Il Messaggio del Segretario padre Awi Mello al Congresso Iberoamericano dell’Opera delle Famiglie di Schönstatt

“Con gioia, famiglie in uscita”. Su questo tema si è tenuto, in Ecuador, il Congresso Iberoamericano dell’Opera delle Famiglie di Schönstatt. Centosessanta coppie di coniugi, provenienti da quattordici paesi diversi, membri delle tre comunità del Movimento di Schönstatt che riuniscono le coppie sposate e che si impegnano secondo tre gradi diversi – la Lega, la Federazione, l’Istituto – si sono ritrovati al Santuario del Movimento a Guayaquil, dedicato alla particolare missione di essere “Famiglia del Padre, Focolare per il mondo”.

Ai partecipanti al Congresso, il Segretario del Dicastero, padre Alexandre Awi Mello, membro anche lui della grande famiglia di Schönstatt, ha inviato un messaggio con il quale si rallegra di constatare che “c’è grande apprezzamento per il lavoro che l’Opera delle famiglie di Schönstatt sta compiendo”, e che “la Chiesa attende il nostro apporto, ci conta”. D’altro canto, continua padre Awi Mello, “vedo che possiamo apprendere molto dagli altri gruppi e movimenti che operano con le famiglie, che possiamo essergli complementari e lasciarci completare da loro”.

Da qui l’invito che il Segretario del Dicastero consegna ai membri dell’Opera delle famiglie di Schönstatt: “continuate a inserirvi nelle diocesi e nelle parrocchie per poter condividere i nostri doni, così da potervi arricchire molto in questa sfida di ‘salvare le famiglie’, missione di tutti i cristiani”.

Il tema dell’incontro, che si è tenuto dal 7 al 10 settembre scorso, si è rivelato particolarmente “appropriato in questo momento – ha scritto ancora padre Awi Mello – nel quale la Chiesa è chiamata a portare avanti le sfide poste dal Santo Padre Francesco con il suo pontificato, in particolare con l’esortazione apostolica Amoris Laetitia”.

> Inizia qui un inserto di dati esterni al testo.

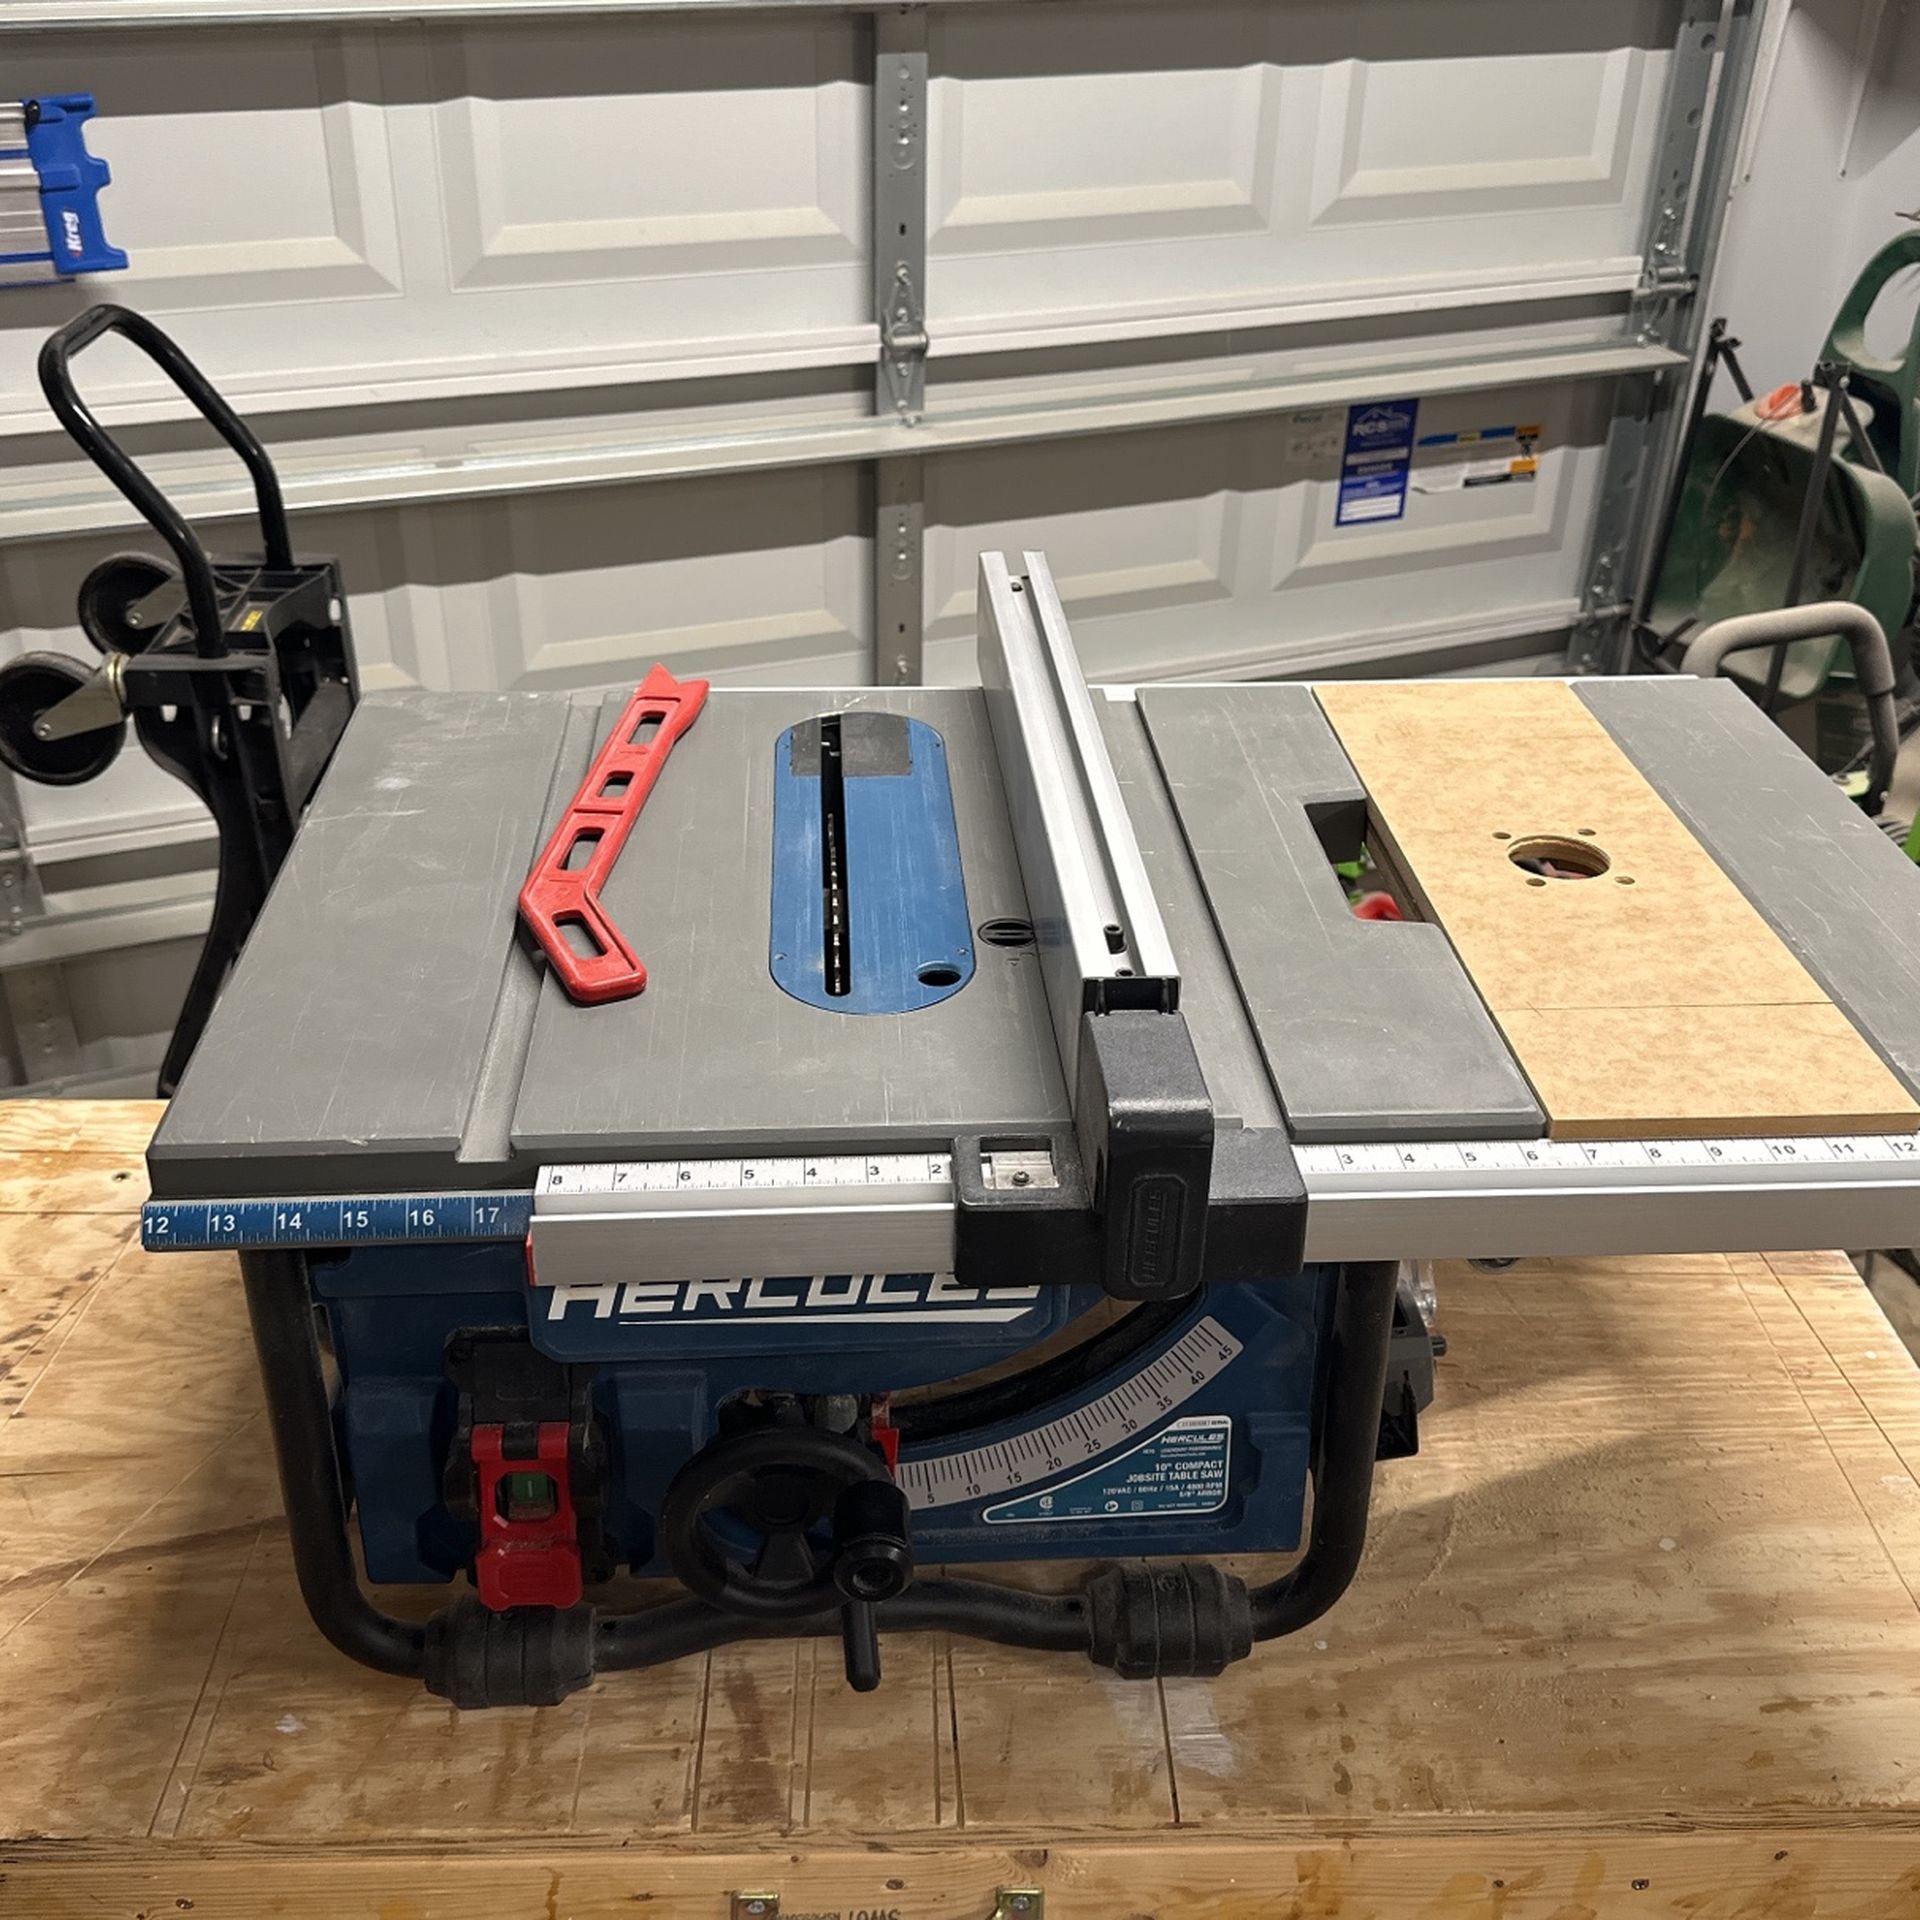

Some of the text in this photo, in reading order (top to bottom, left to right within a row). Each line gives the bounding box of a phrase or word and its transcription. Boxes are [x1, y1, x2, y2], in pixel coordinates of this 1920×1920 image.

Conferenze, laboratori, tavole rotonde e dibattiti hanno dato un ricco contenuto al Congresso, con i partecipanti che si sono impegnati ad assumersi il compito di aiutare le famiglie a vivere nell’amore, a realizzare la propria vocazione e ad andare avanti, malgrado le cadute che molte volte possono accadere nel cammino (cfr. AL 57).